# [Problem]
Beginning with the line where "this 828×1797 image." appears, repeat every remaining line of the entries exactly, the last line included.

Stored items from a collection:
----------------------------------------
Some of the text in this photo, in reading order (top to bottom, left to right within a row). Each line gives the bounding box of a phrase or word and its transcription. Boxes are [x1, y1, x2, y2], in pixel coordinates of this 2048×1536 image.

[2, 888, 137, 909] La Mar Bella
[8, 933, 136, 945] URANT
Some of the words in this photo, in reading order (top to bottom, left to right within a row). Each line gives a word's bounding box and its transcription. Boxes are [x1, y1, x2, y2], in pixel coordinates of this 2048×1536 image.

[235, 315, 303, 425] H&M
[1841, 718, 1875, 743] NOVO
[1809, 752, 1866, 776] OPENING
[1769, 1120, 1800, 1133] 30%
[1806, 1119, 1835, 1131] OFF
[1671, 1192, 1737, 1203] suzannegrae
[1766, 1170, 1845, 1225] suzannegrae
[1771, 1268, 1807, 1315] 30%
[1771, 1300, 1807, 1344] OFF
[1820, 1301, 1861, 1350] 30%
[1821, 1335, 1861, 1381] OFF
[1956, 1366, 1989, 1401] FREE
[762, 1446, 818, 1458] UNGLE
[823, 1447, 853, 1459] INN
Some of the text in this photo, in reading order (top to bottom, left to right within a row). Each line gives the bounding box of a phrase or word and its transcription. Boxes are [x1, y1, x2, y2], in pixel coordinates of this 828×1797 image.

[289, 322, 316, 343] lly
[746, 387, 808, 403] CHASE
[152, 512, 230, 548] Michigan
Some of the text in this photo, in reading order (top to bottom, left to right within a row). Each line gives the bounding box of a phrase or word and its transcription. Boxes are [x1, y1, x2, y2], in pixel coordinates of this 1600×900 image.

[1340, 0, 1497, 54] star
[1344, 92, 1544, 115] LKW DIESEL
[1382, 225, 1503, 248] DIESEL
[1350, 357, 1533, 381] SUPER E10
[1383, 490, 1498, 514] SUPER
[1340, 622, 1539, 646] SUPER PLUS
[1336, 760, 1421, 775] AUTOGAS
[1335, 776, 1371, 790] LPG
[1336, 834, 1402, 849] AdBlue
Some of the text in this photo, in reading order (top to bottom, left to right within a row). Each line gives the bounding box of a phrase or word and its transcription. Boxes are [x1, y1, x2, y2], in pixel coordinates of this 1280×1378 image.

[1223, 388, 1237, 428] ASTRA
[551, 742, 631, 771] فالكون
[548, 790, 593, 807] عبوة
----------------------------------------
# [Answer below]
Some of the text in this photo, in reading order (top to bottom, left to right within a row). Each line gives the bounding box of a phrase or word and its transcription. Boxes are [x1, y1, x2, y2], in pixel coordinates of this 828×1797 image.

[289, 322, 316, 343] lly
[746, 387, 808, 403] CHASE
[152, 512, 230, 548] Michigan
Some of the text in this photo, in reading order (top to bottom, left to right within a row). Each line gives the bounding box of a phrase or word and its transcription. Boxes are [x1, y1, x2, y2], in pixel coordinates of this 1600×900 image.

[1340, 0, 1497, 54] star
[1344, 92, 1544, 115] LKW DIESEL
[1382, 225, 1503, 248] DIESEL
[1350, 357, 1533, 381] SUPER E10
[1383, 490, 1498, 514] SUPER
[1340, 622, 1539, 646] SUPER PLUS
[1336, 760, 1421, 775] AUTOGAS
[1335, 776, 1371, 790] LPG
[1336, 834, 1402, 849] AdBlue
Some of the text in this photo, in reading order (top to bottom, left to right within a row). Each line gives the bounding box of a phrase or word and its transcription. Boxes are [x1, y1, x2, y2], in pixel coordinates of this 1280×1378 image.

[1223, 388, 1237, 428] ASTRA
[551, 742, 631, 771] فالكون
[548, 790, 593, 807] عبوة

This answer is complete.